** Your objective **
Each entry must be returned exactly. None may be omitted.

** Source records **
● ● ● ● ●
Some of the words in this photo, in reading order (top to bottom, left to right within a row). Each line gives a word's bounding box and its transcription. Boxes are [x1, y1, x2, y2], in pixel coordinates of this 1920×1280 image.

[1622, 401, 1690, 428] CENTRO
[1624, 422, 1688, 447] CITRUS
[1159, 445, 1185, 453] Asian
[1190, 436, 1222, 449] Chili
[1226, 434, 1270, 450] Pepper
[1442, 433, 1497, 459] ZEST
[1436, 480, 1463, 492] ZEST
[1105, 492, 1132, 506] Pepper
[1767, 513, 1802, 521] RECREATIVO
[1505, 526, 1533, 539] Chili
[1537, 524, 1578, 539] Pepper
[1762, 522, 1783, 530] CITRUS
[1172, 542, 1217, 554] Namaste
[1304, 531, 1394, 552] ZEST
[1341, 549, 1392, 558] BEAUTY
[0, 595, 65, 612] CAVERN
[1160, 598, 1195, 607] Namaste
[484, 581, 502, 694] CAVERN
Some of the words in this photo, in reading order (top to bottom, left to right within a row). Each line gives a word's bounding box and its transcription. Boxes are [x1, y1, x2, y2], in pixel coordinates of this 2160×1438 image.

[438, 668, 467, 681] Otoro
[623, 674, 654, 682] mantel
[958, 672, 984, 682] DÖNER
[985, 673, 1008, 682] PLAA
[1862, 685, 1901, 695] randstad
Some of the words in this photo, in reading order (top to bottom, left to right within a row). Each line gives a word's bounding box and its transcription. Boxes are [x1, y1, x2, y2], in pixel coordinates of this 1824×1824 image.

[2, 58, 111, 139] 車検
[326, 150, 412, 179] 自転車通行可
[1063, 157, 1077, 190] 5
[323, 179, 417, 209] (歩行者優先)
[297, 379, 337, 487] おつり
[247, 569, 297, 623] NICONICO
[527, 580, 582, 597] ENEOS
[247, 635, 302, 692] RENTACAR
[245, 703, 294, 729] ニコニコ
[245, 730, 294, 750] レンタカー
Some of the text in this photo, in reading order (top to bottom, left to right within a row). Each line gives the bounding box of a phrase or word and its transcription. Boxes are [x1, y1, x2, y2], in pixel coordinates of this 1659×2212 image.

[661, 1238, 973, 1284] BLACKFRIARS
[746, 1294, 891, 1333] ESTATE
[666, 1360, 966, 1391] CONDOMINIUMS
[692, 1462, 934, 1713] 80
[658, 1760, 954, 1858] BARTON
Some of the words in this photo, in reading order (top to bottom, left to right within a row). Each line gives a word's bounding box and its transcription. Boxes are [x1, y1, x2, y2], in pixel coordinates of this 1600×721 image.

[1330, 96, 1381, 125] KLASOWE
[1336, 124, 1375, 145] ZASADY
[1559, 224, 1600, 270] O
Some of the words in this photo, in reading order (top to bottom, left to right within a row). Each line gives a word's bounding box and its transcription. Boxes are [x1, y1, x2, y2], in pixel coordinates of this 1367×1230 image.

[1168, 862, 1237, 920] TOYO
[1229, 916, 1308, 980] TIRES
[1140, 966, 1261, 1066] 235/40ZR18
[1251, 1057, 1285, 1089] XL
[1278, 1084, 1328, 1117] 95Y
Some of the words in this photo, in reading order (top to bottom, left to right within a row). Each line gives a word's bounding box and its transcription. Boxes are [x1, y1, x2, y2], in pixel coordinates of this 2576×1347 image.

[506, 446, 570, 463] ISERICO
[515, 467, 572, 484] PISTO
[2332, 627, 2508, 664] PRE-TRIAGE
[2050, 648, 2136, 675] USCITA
● ● ● ● ●
** Response to this task **
Some of the words in this photo, in reading order (top to bottom, left to right within a row). Each line gives a word's bounding box and its transcription. Boxes are [x1, y1, x2, y2], in pixel coordinates of this 1920×1280 image.

[1622, 401, 1690, 428] CENTRO
[1624, 422, 1688, 447] CITRUS
[1159, 445, 1185, 453] Asian
[1190, 436, 1222, 449] Chili
[1226, 434, 1270, 450] Pepper
[1442, 433, 1497, 459] ZEST
[1436, 480, 1463, 492] ZEST
[1105, 492, 1132, 506] Pepper
[1767, 513, 1802, 521] RECREATIVO
[1505, 526, 1533, 539] Chili
[1537, 524, 1578, 539] Pepper
[1762, 522, 1783, 530] CITRUS
[1172, 542, 1217, 554] Namaste
[1304, 531, 1394, 552] ZEST
[1341, 549, 1392, 558] BEAUTY
[0, 595, 65, 612] CAVERN
[1160, 598, 1195, 607] Namaste
[484, 581, 502, 694] CAVERN
Some of the words in this photo, in reading order (top to bottom, left to right within a row). Each line gives a word's bounding box and its transcription. Boxes are [x1, y1, x2, y2], in pixel coordinates of this 2160×1438 image.

[438, 668, 467, 681] Otoro
[623, 674, 654, 682] mantel
[958, 672, 984, 682] DÖNER
[985, 673, 1008, 682] PLAA
[1862, 685, 1901, 695] randstad
Some of the words in this photo, in reading order (top to bottom, left to right within a row). Each line gives a word's bounding box and its transcription. Boxes are [x1, y1, x2, y2], in pixel coordinates of this 1824×1824 image.

[2, 58, 111, 139] 車検
[326, 150, 412, 179] 自転車通行可
[1063, 157, 1077, 190] 5
[323, 179, 417, 209] (歩行者優先)
[297, 379, 337, 487] おつり
[247, 569, 297, 623] NICONICO
[527, 580, 582, 597] ENEOS
[247, 635, 302, 692] RENTACAR
[245, 703, 294, 729] ニコニコ
[245, 730, 294, 750] レンタカー
Some of the text in this photo, in reading order (top to bottom, left to right within a row). Each line gives the bounding box of a phrase or word and its transcription. Boxes are [x1, y1, x2, y2], in pixel coordinates of this 1659×2212 image.

[661, 1238, 973, 1284] BLACKFRIARS
[746, 1294, 891, 1333] ESTATE
[666, 1360, 966, 1391] CONDOMINIUMS
[692, 1462, 934, 1713] 80
[658, 1760, 954, 1858] BARTON
Some of the words in this photo, in reading order (top to bottom, left to right within a row). Each line gives a word's bounding box and its transcription. Boxes are [x1, y1, x2, y2], in pixel coordinates of this 1600×721 image.

[1330, 96, 1381, 125] KLASOWE
[1336, 124, 1375, 145] ZASADY
[1559, 224, 1600, 270] O
Some of the words in this photo, in reading order (top to bottom, left to right within a row). Each line gives a word's bounding box and its transcription. Boxes are [x1, y1, x2, y2], in pixel coordinates of this 1367×1230 image.

[1168, 862, 1237, 920] TOYO
[1229, 916, 1308, 980] TIRES
[1140, 966, 1261, 1066] 235/40ZR18
[1251, 1057, 1285, 1089] XL
[1278, 1084, 1328, 1117] 95Y
Some of the words in this photo, in reading order (top to bottom, left to right within a row). Each line gives a word's bounding box and its transcription. Boxes are [x1, y1, x2, y2], in pixel coordinates of this 2576×1347 image.

[506, 446, 570, 463] ISERICO
[515, 467, 572, 484] PISTO
[2332, 627, 2508, 664] PRE-TRIAGE
[2050, 648, 2136, 675] USCITA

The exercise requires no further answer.